[Images for object localization]
+ + + + + + +

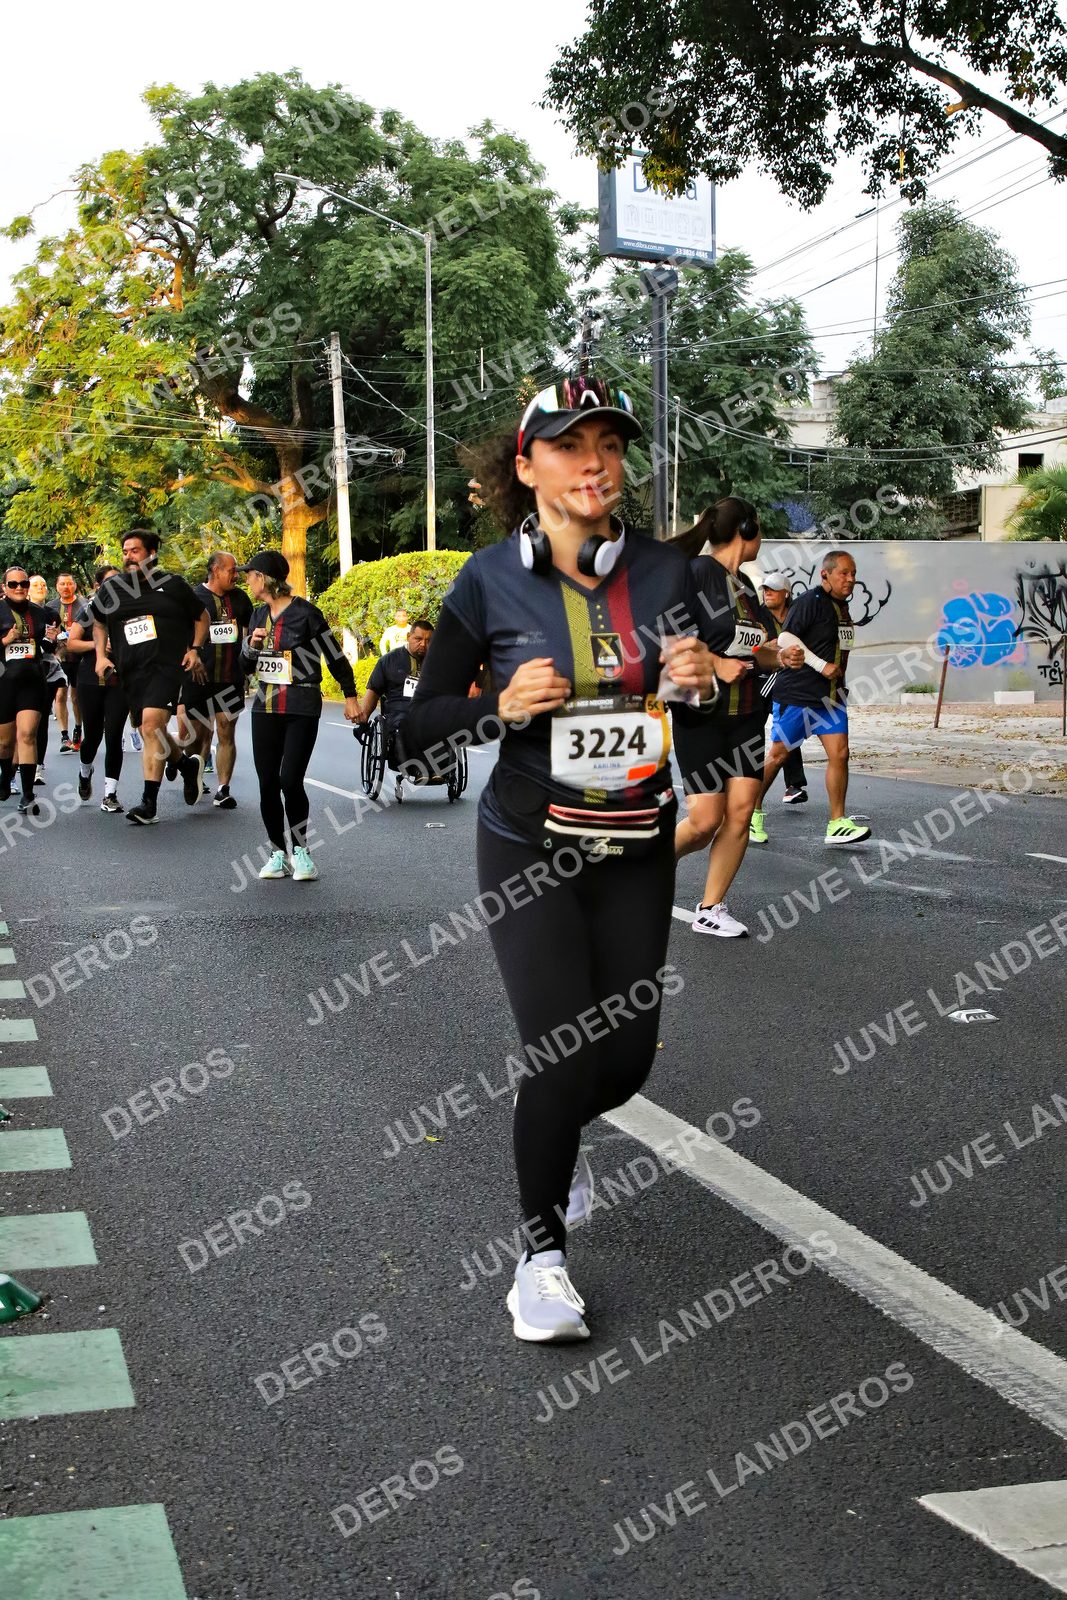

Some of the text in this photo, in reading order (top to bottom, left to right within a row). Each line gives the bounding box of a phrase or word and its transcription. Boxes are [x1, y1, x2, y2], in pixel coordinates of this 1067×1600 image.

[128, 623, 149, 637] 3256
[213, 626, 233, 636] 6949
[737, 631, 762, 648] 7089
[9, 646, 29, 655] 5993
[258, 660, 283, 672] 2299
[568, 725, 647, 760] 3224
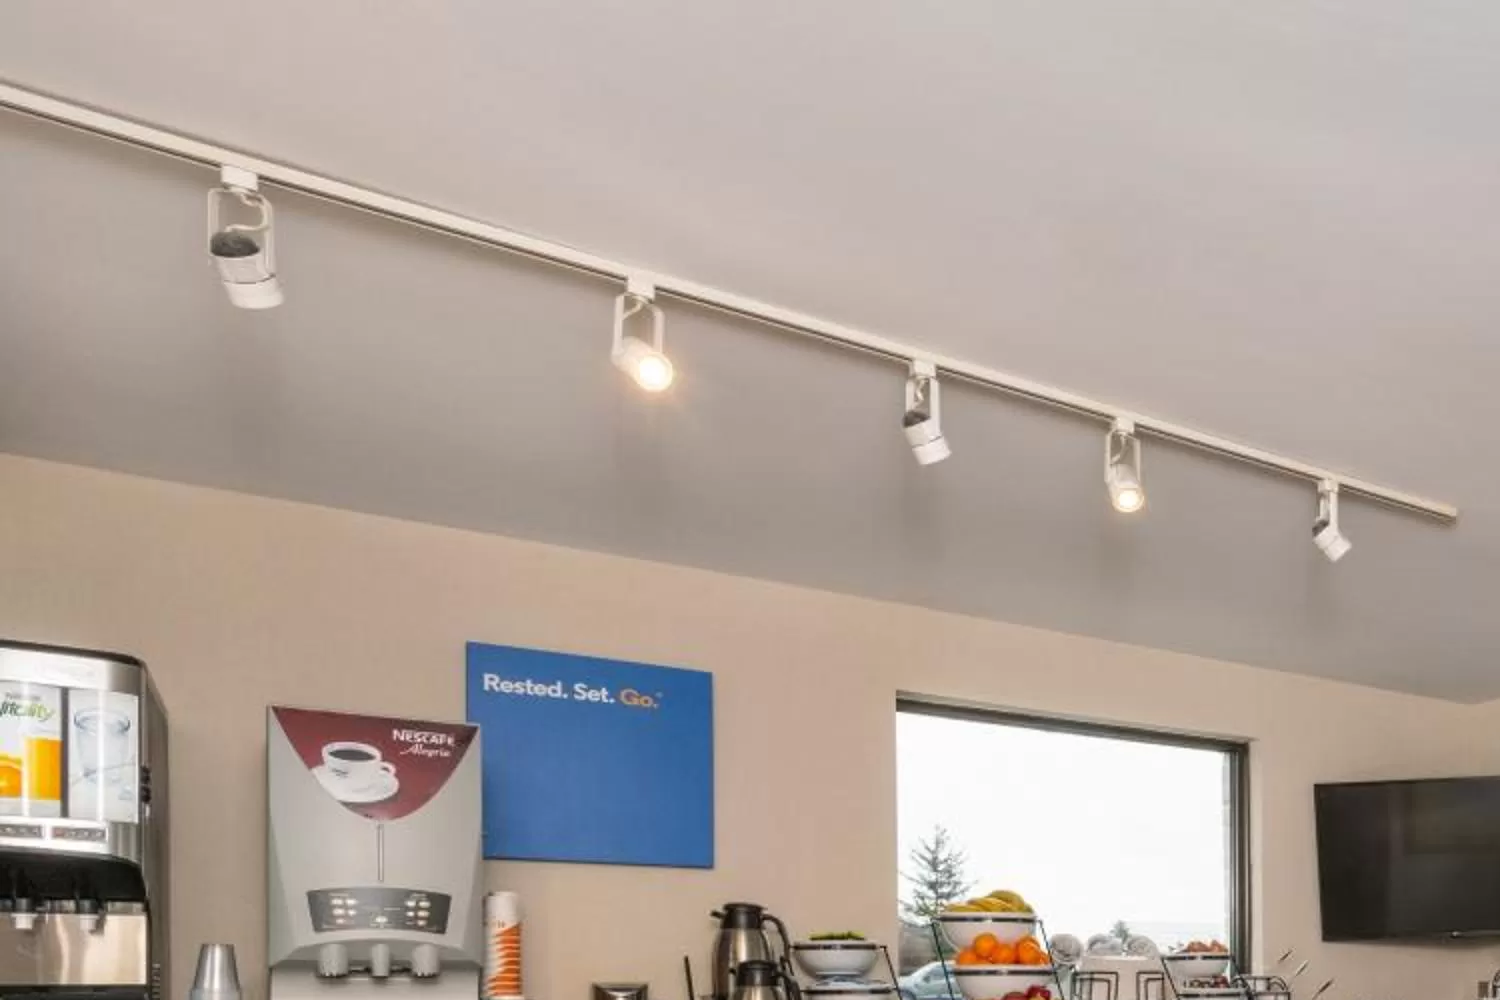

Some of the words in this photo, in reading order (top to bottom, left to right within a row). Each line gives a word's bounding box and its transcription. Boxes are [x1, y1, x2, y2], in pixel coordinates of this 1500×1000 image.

+ + + + + + +

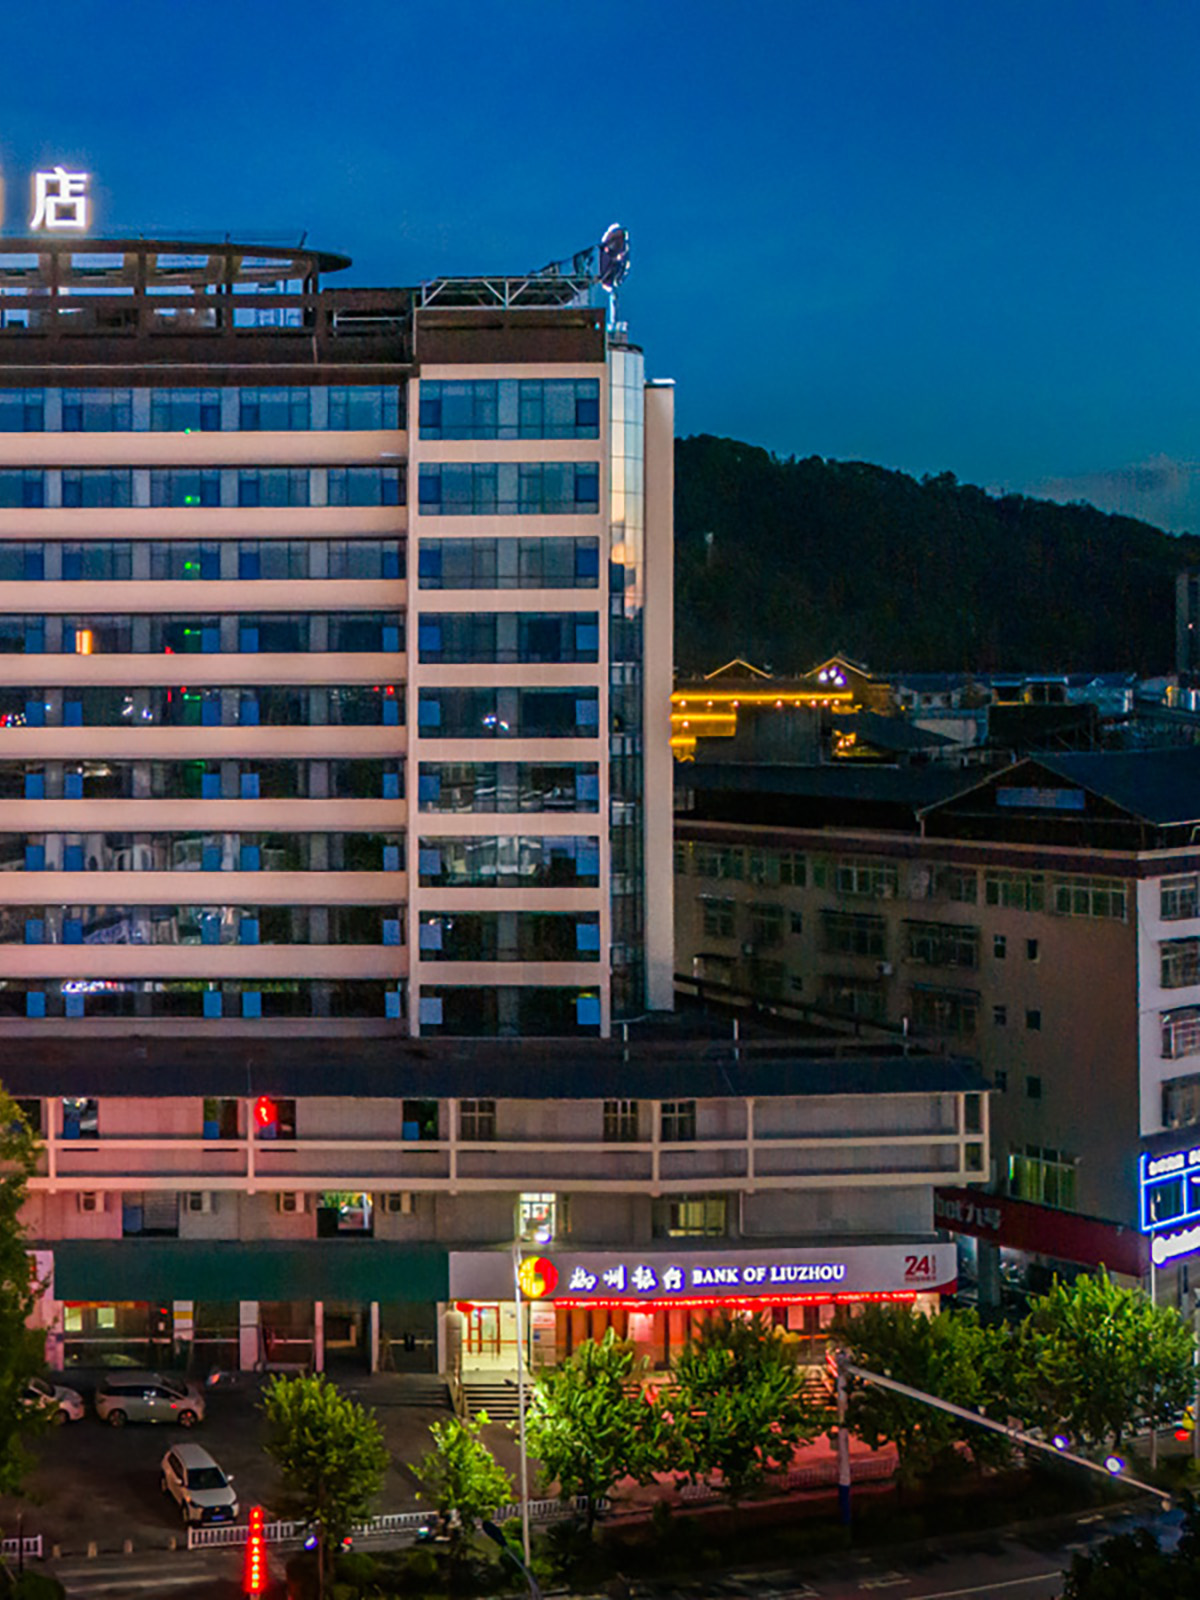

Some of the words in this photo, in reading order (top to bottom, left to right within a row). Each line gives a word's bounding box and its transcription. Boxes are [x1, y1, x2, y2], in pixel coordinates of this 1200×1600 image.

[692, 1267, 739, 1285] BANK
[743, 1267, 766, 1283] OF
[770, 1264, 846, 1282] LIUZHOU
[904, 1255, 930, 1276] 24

+ + + + + + +

- Required work
Between and including the line with "Some of the text" and the line with "this 1500×1000 image.", repeat every line exactly as it appears above, with pictures left out.

- Worked solution
Some of the text in this photo, in reading order (top to bottom, left to right within a row). Each line gives the bounding box of a phrase or word and its transcription. Boxes are [x1, y1, x2, y2], in pixel coordinates of this 1067×1600 image.

[128, 623, 149, 637] 3256
[213, 626, 233, 636] 6949
[737, 631, 762, 648] 7089
[9, 646, 29, 655] 5993
[258, 660, 283, 672] 2299
[568, 725, 647, 760] 3224

Some of the words in this photo, in reading order (top to bottom, left to right within a row). Each line gives a word's bounding box and its transcription. Boxes are [x1, y1, x2, y2], in pixel coordinates of this 1500×1000 image.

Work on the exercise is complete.